军车驶进“胜利广场”,现在叫彼得广场,车上士兵除了失望还是失望,找不到书上记录,父辈口中喀山的冰雪和断垣残壁。广场上,已经停着几十辆军车和装甲车,身着迷彩服街头漫步的中俄两国士兵好奇的打量喀山。而俄罗斯人,大都盯着路边橱窗里琳琅满目的货物,很多东西他们从未见过,新奇的难以置信。
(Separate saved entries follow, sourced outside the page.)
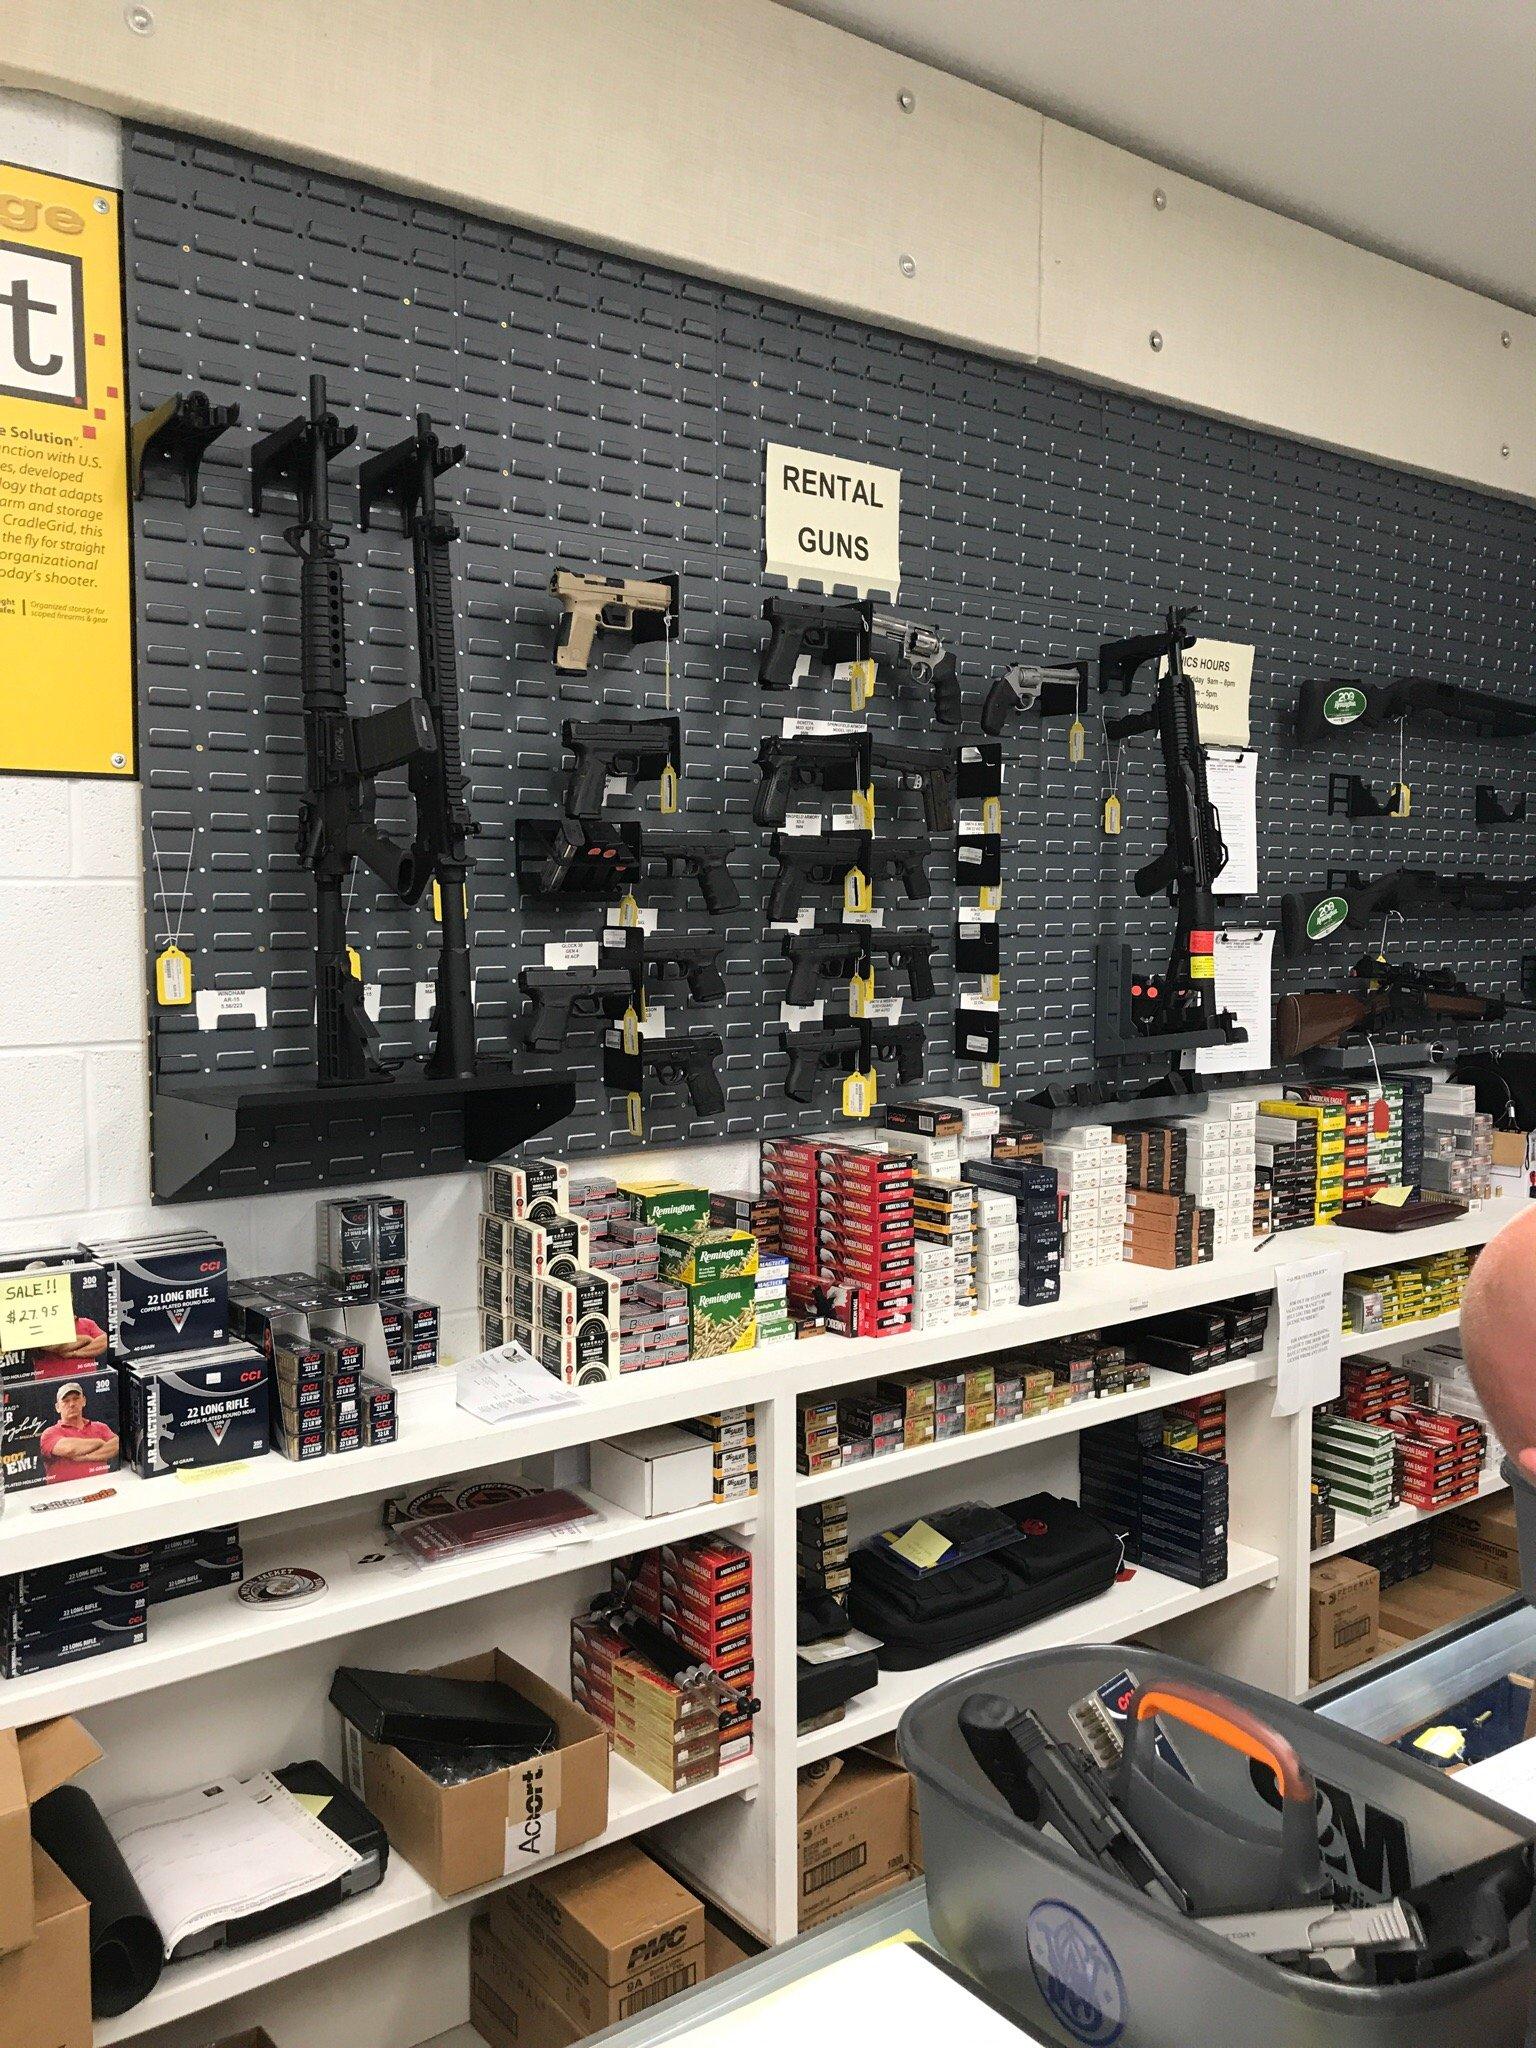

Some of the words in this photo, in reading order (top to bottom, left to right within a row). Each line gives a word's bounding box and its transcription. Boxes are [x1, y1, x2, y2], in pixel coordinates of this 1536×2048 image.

[47, 451, 75, 464] with
[78, 455, 102, 469] U.S.
[19, 463, 84, 483] developed
[29, 482, 57, 496] that
[60, 488, 103, 504] adapts
[783, 465, 884, 508] RENTAL
[28, 502, 53, 514] and
[57, 505, 104, 522] storage
[3, 513, 77, 535] CradleGrid,
[80, 524, 103, 537] this
[2, 531, 22, 544] the
[25, 533, 39, 549] fly
[41, 535, 58, 548] for
[60, 541, 106, 556] straight
[798, 527, 869, 561] GUNS
[45, 572, 98, 588] shooter.
[1200, 658, 1230, 672] HOURS
[1197, 702, 1219, 712] Holidays
[652, 1203, 696, 1217] Remington
[699, 1248, 744, 1262] Remington
[200, 1260, 221, 1272] CCI
[83, 1275, 97, 1286] 300
[147, 1294, 159, 1305] 22
[160, 1291, 184, 1303] LONG
[185, 1287, 209, 1300] RIFLE
[698, 1291, 742, 1307] Remington
[107, 1278, 118, 1335] TACTICAL
[109, 1336, 119, 1349] AR
[342, 1346, 358, 1356] CCI
[240, 1370, 262, 1382] CCI
[96, 1379, 110, 1389] 300
[302, 1383, 319, 1392] CCI
[375, 1393, 390, 1402] CCI
[187, 1407, 199, 1419] 22
[200, 1402, 225, 1416] LONG
[226, 1397, 249, 1411] RIFLE
[222, 1411, 242, 1420] ROUND
[242, 1408, 256, 1416] NOSE
[304, 1408, 320, 1418] CCI
[147, 1392, 158, 1448] TACTICAL
[376, 1420, 391, 1429] CCI
[304, 1434, 320, 1444] CCI
[341, 1428, 357, 1437] CCI
[147, 1448, 158, 1464] AR
[6, 1456, 38, 1475] EM!
[627, 1924, 688, 1970] PMC
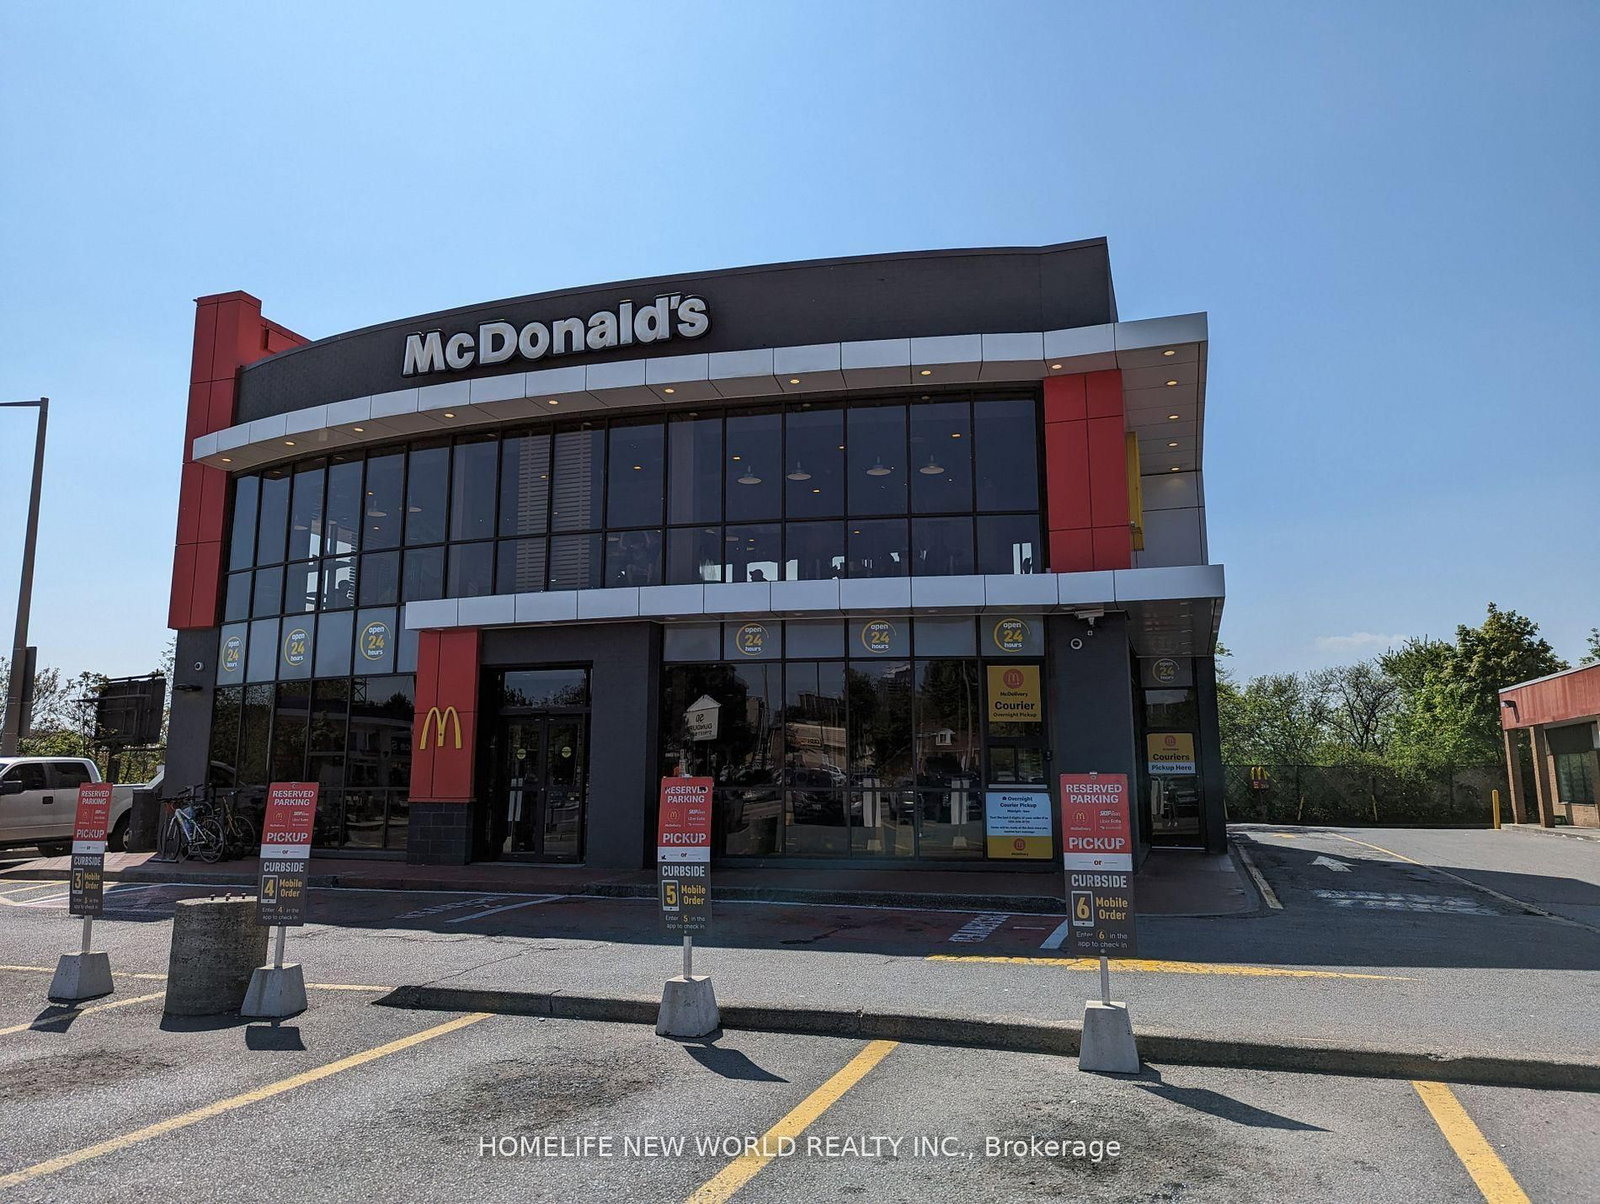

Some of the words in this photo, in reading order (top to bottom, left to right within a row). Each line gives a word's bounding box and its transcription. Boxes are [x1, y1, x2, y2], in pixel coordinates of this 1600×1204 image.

[402, 294, 709, 375] McDonald's
[745, 634, 762, 646] 24
[872, 631, 890, 643] 24
[1004, 630, 1023, 642] 24
[368, 635, 384, 649] 24
[291, 641, 305, 655] 24
[995, 701, 1035, 710] Courier
[1153, 753, 1190, 761] Couriers
[1066, 784, 1122, 793] RESERVED
[81, 790, 110, 798] RESERVED
[272, 790, 315, 798] RESERVED
[667, 795, 705, 803] PARKING
[1070, 795, 1119, 804] PARKING
[76, 829, 105, 838] PICKUP
[266, 832, 308, 842] PICKUP
[662, 832, 707, 844] PICKUP
[1069, 837, 1125, 850] PICKUP
[73, 856, 102, 866] CURBSIDE
[263, 861, 305, 872] CURBSIDE
[662, 865, 705, 877] CURBSIDE
[75, 872, 82, 889] 3
[84, 872, 101, 880] Mobile
[1071, 874, 1127, 888] CURBSIDE
[85, 881, 100, 890] Order
[264, 879, 275, 897] 4
[279, 879, 303, 888] Mobile
[280, 888, 301, 897] Order
[681, 884, 706, 894] Mobile
[666, 885, 677, 905] 5
[683, 895, 705, 905] Order
[1095, 897, 1128, 908] Mobile
[1076, 897, 1090, 919] 6
[683, 914, 689, 922] 5
[1099, 910, 1127, 920] Order
[1098, 931, 1105, 940] 6
[1117, 932, 1128, 940] the
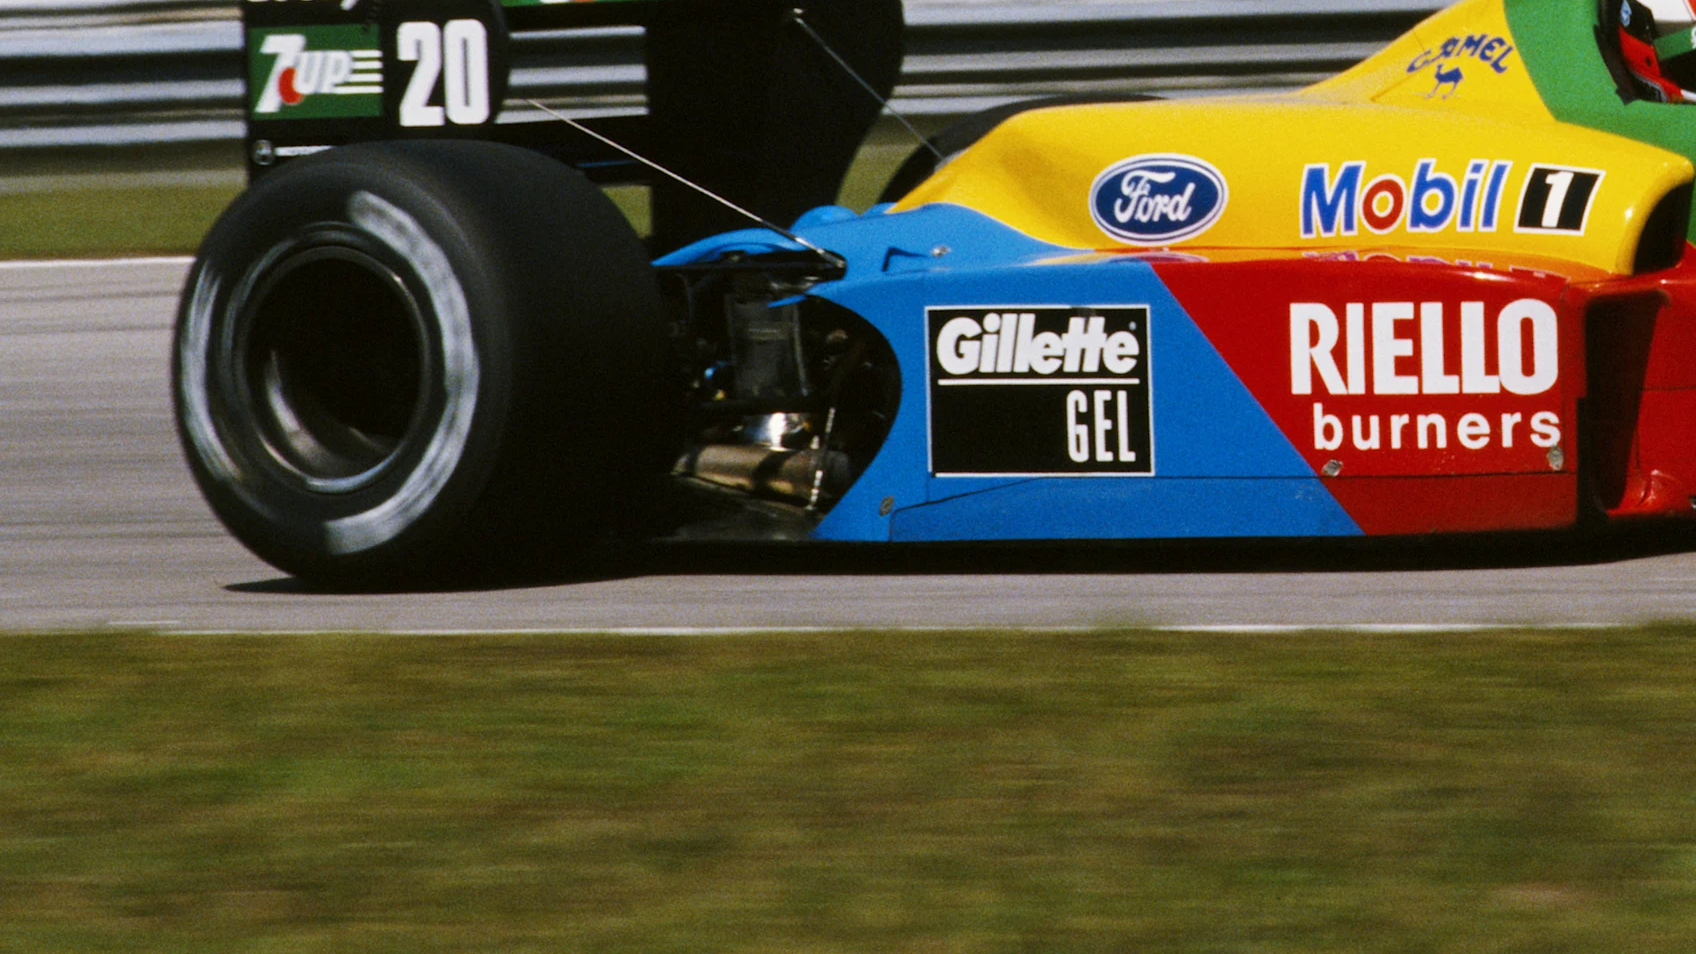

年青女孩穿着漂亮的衣服,望着中俄军人,偶尔大胆的女孩会走到军人中间,尝试勾通。街头上很多是成双成对的军人与女孩,根本就像在乌拉尔东某一座城市,军人和平民在演习结束后,畅谈举行联谊活动。谁能想象就在数天前,彼此口中最邪恶的人类,现在却成为朋友。

赵上兵从未到过喀山,尽管这个名字熟的不能再熟。对喀山所有印象来自父亲口述和寥寥几张照片,最多是关于喀山战役的小说。“赵上士,这里真是喀山吗?”“或许吧!”赵上兵曾幻想攻进喀山,第一个驾车驶过具有历史意义街道。战斗平息后,会去城西河畔烧纸,父亲战友曾经在冰上引爆炸药,尸沉河道,未像其它人一样魂归忠烈祠。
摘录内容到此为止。